### Brief
Produce a verbatim copy of the following records, leaving out all pictures.

Text-to-region grounding data
════════════════

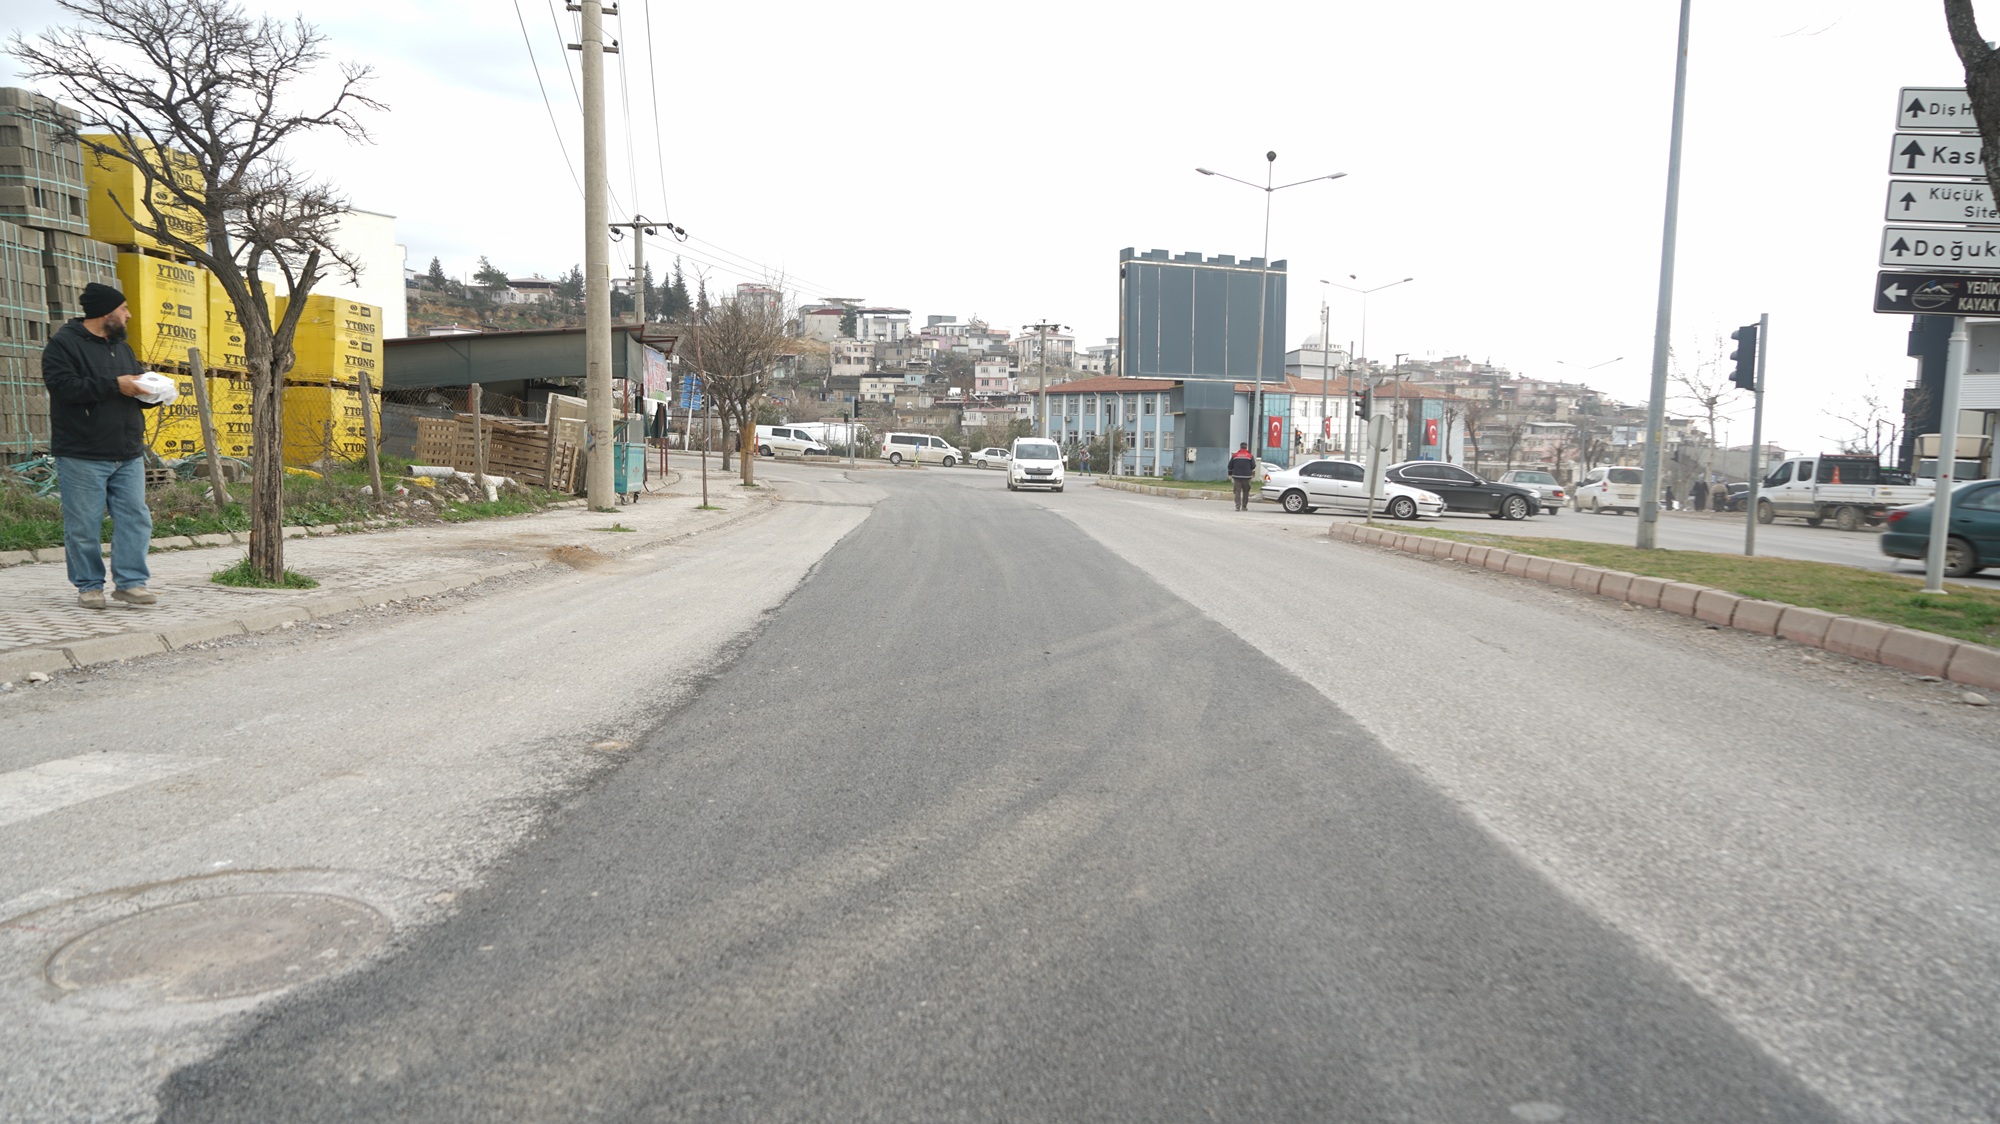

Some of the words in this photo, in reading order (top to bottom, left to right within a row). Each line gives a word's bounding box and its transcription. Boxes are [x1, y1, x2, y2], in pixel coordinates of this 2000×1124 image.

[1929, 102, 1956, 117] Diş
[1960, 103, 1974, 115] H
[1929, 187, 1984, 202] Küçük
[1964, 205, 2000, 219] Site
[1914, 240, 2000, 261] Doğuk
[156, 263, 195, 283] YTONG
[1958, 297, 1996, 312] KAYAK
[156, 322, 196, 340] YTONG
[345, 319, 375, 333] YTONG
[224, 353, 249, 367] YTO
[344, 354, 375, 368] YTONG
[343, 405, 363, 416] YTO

════════════════

### Reply
Some of the words in this photo, in reading order (top to bottom, left to right within a row). Each line gives a word's bounding box and its transcription. Boxes are [x1, y1, x2, y2], in pixel coordinates of this 2000×1124 image.

[1929, 102, 1956, 117] Diş
[1960, 103, 1974, 115] H
[1929, 187, 1984, 202] Küçük
[1964, 205, 2000, 219] Site
[1914, 240, 2000, 261] Doğuk
[156, 263, 195, 283] YTONG
[1958, 297, 1996, 312] KAYAK
[156, 322, 196, 340] YTONG
[345, 319, 375, 333] YTONG
[224, 353, 249, 367] YTO
[344, 354, 375, 368] YTONG
[343, 405, 363, 416] YTO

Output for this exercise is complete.